Archaeologists Make Grisly Discovery About Starvation at Jamestown Settlement
JEFFREY BROWN: And finally tonight, a grizzly addition to early American history.
Founded in 1607, Jamestown was America's first permanent English settlement. The Virginia Company of London established the colony 60 miles north of the mouth of the Chesapeake Bay, naming the site “James Fort” after England's King James I. But life there was anything but easy. Historians believe the settlers arrived during the worst drought in 800 years.
And disease, starvation, and conflicts with nearby Native Americans plagued the colonists. Accounts from the time tell of residents forced to eat dogs, cats, rodents, and even shoe leather to fend off starvation. And it appears it was even worse than that.
Researchers have now revealed evidence of cannibalism in the remains of a 14-year-old girl found in a trash pit at the colony site last summer.
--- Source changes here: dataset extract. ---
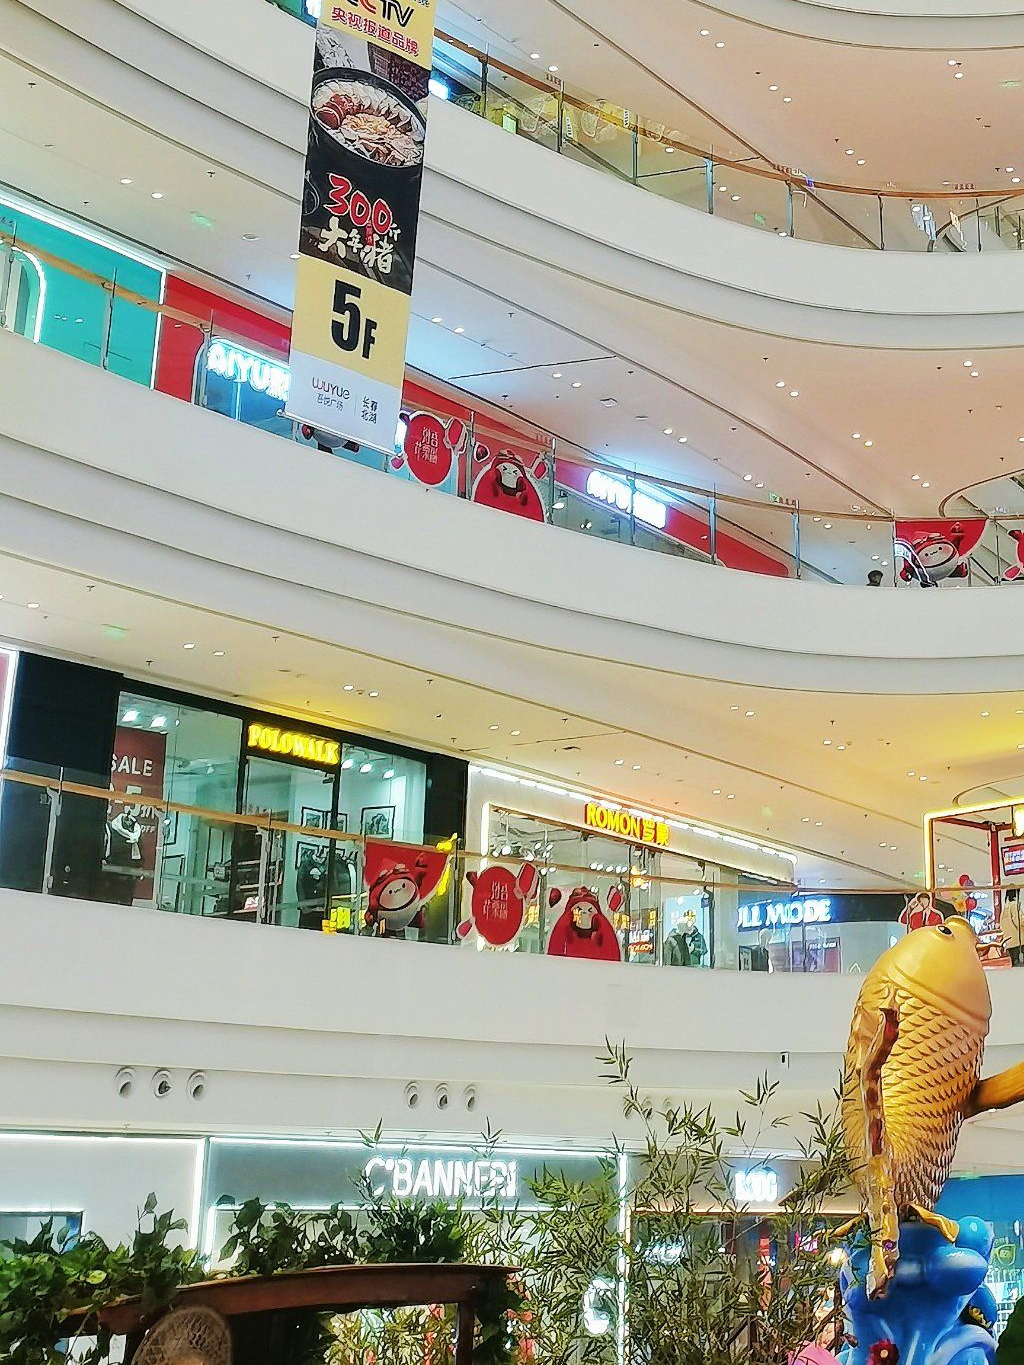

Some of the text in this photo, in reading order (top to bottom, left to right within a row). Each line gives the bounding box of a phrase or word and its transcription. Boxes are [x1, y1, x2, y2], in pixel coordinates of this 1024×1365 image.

Forensic anthropologist Douglas Owsley says cut marks on the cheekbones and skull of the girl they have named Jane support the theory she was butchered after her death for consumption.
DOUGLAS OWSLEY, Smithsonian Institute: From my experience working with prehistoric skeletons, where I have seen postmortem, meaning after-death, processing of remains, this is absolutely consistent with what we see in cannibalism and those types of cases.
JEFFREY BROWN: How Jane died remains unknown, but researchers say there was no evidence of murder.
In all, some 80 percent of the colonists and members of a relief fleet sent from England died before the situation stabilized in 1610.